## Problem to work on
Omit the pictures. Print each entry below exactly.

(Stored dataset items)
● ● ● ● ● ● ●

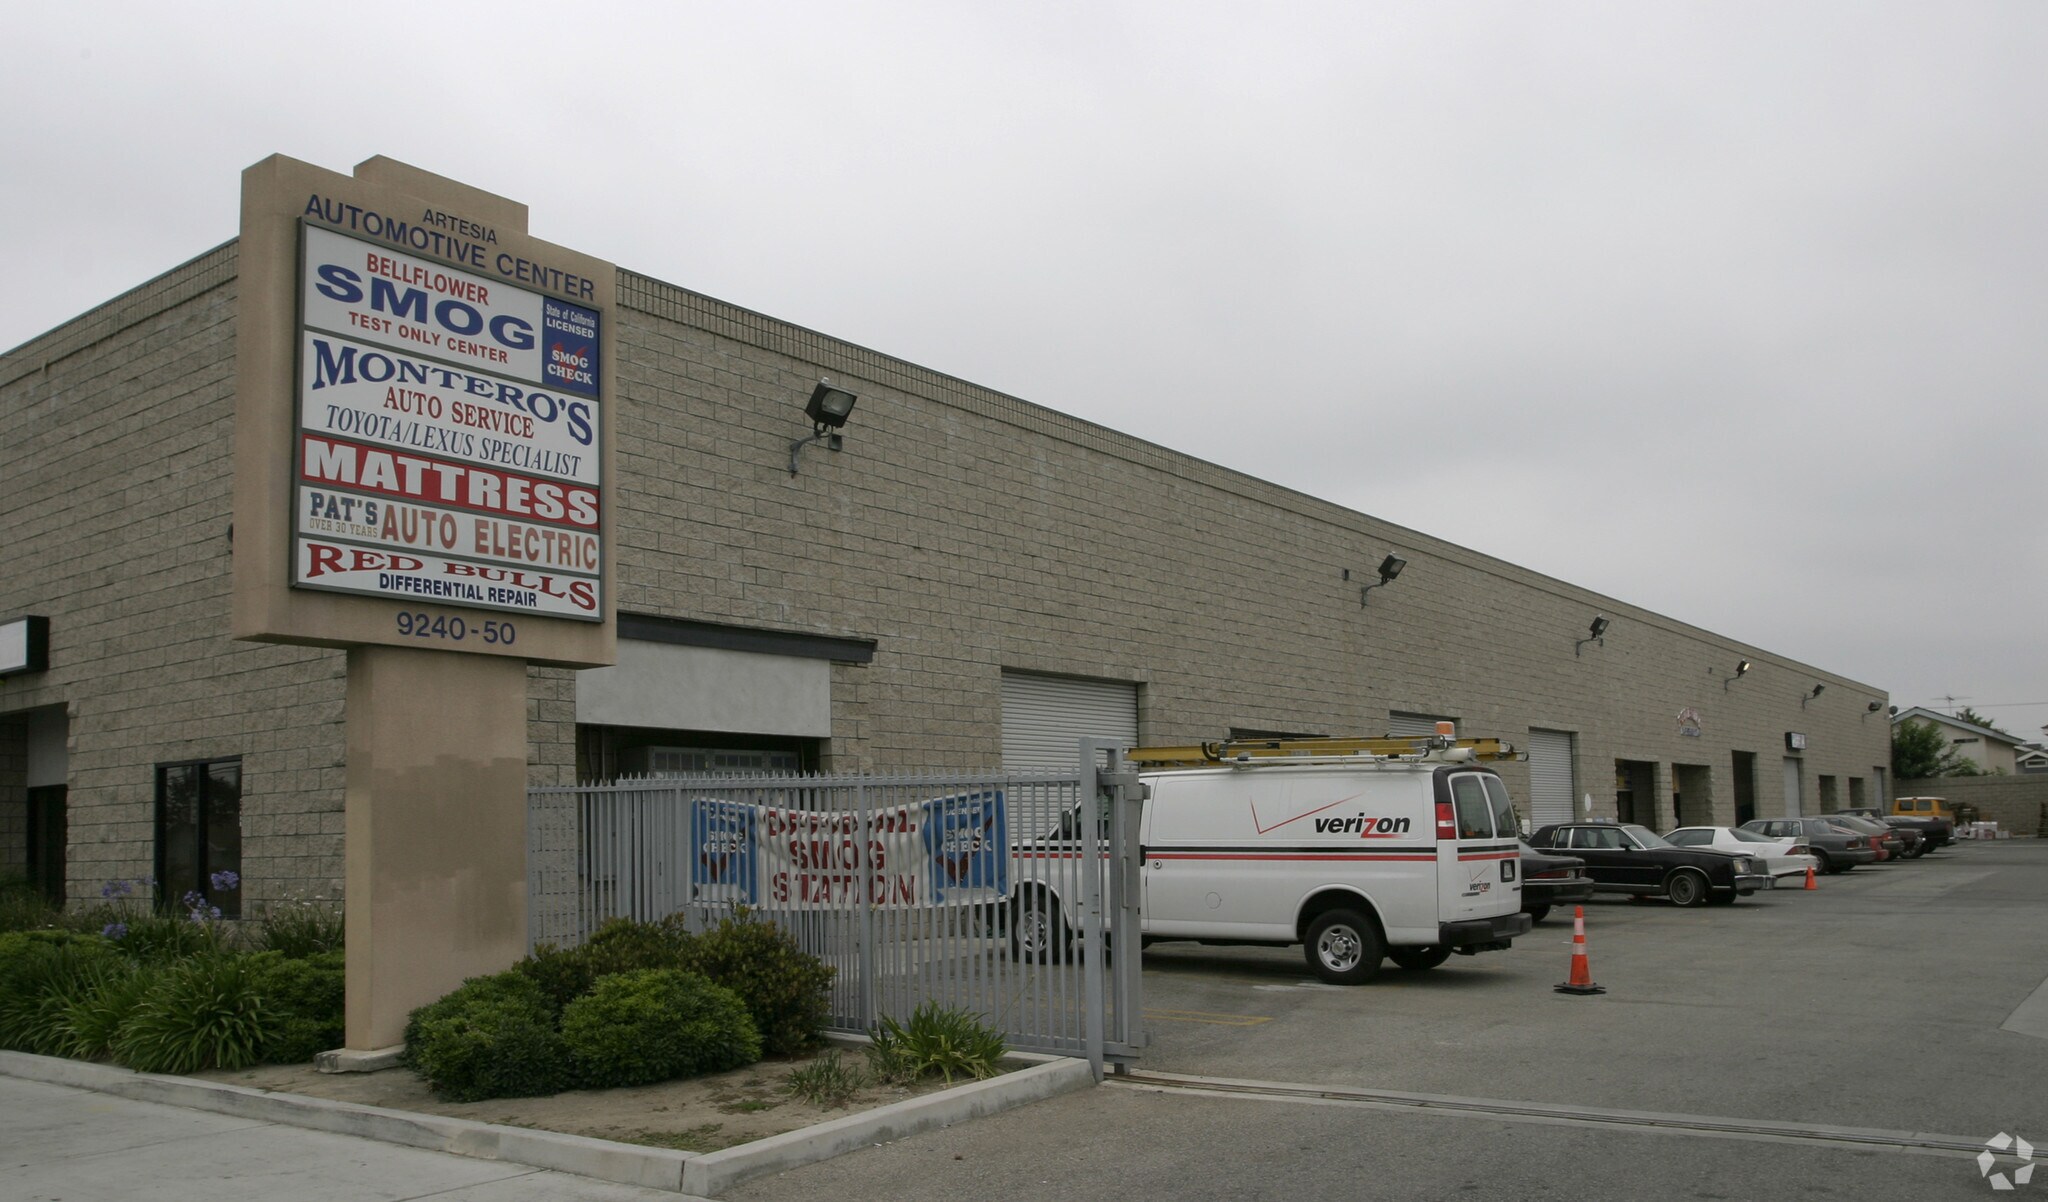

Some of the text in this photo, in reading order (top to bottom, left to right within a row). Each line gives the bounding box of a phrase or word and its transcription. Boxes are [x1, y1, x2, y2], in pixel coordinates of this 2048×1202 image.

[305, 194, 594, 300] AUTOMOTIVE CENTER
[423, 208, 498, 245] ARTESIA
[366, 252, 489, 306] BELLFLOWER
[315, 264, 535, 350] SMOG
[546, 303, 596, 328] State of California
[546, 317, 595, 339] LICENSED
[349, 311, 508, 364] TEST ONLY CENTER
[551, 349, 589, 369] SMOG
[312, 339, 593, 446] MONTERO'S
[547, 363, 593, 385] CHECK
[383, 386, 535, 439] AUTO SERVICE
[326, 404, 582, 477] TOYOTA/LEXUS SPECIALIST
[304, 438, 599, 526] MATTRESS
[309, 517, 378, 539] OVER 30 YEARS
[310, 491, 597, 571] PAT'S AUTO ELECTRIC
[306, 542, 597, 611] RED BULLS
[379, 572, 537, 608] DIFFERENTIAL REPAIR
[396, 611, 516, 646] 9240-50
[1314, 811, 1411, 839] verizon
[1469, 880, 1491, 893] verizon

● ● ● ● ● ● ●

## Answer to the exercise
Some of the text in this photo, in reading order (top to bottom, left to right within a row). Each line gives the bounding box of a phrase or word and its transcription. Boxes are [x1, y1, x2, y2], in pixel coordinates of this 2048×1202 image.

[305, 194, 594, 300] AUTOMOTIVE CENTER
[423, 208, 498, 245] ARTESIA
[366, 252, 489, 306] BELLFLOWER
[315, 264, 535, 350] SMOG
[546, 303, 596, 328] State of California
[546, 317, 595, 339] LICENSED
[349, 311, 508, 364] TEST ONLY CENTER
[551, 349, 589, 369] SMOG
[312, 339, 593, 446] MONTERO'S
[547, 363, 593, 385] CHECK
[383, 386, 535, 439] AUTO SERVICE
[326, 404, 582, 477] TOYOTA/LEXUS SPECIALIST
[304, 438, 599, 526] MATTRESS
[309, 517, 378, 539] OVER 30 YEARS
[310, 491, 597, 571] PAT'S AUTO ELECTRIC
[306, 542, 597, 611] RED BULLS
[379, 572, 537, 608] DIFFERENTIAL REPAIR
[396, 611, 516, 646] 9240-50
[1314, 811, 1411, 839] verizon
[1469, 880, 1491, 893] verizon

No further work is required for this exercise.